> Task data

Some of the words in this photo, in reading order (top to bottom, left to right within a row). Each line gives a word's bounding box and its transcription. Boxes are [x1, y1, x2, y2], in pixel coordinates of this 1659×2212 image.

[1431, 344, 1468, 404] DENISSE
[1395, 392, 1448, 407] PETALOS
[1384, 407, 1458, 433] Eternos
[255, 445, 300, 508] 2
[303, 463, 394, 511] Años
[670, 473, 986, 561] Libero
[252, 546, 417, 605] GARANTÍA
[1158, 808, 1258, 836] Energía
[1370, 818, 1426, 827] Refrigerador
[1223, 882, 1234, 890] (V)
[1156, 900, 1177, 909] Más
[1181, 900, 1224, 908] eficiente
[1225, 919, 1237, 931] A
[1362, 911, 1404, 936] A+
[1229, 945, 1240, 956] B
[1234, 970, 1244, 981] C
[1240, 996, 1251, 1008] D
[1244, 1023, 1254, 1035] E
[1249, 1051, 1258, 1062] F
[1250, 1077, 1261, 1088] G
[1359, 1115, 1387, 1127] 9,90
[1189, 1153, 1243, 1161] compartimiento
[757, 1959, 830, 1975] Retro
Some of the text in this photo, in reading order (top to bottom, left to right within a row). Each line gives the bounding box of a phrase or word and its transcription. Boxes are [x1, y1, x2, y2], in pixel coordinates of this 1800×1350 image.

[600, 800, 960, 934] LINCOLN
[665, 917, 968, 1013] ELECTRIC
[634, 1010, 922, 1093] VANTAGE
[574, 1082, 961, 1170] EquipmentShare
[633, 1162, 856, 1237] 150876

> Exercise requirements
Exactly the lines from the one containing "Some of the text" to the final line of the entries must be restated, and no others.

> Result
Some of the text in this photo, in reading order (top to bottom, left to right within a row). Each line gives the bounding box of a phrase or word and its transcription. Boxes are [x1, y1, x2, y2], in pixel coordinates of this 1800×1350 image.

[600, 800, 960, 934] LINCOLN
[665, 917, 968, 1013] ELECTRIC
[634, 1010, 922, 1093] VANTAGE
[574, 1082, 961, 1170] EquipmentShare
[633, 1162, 856, 1237] 150876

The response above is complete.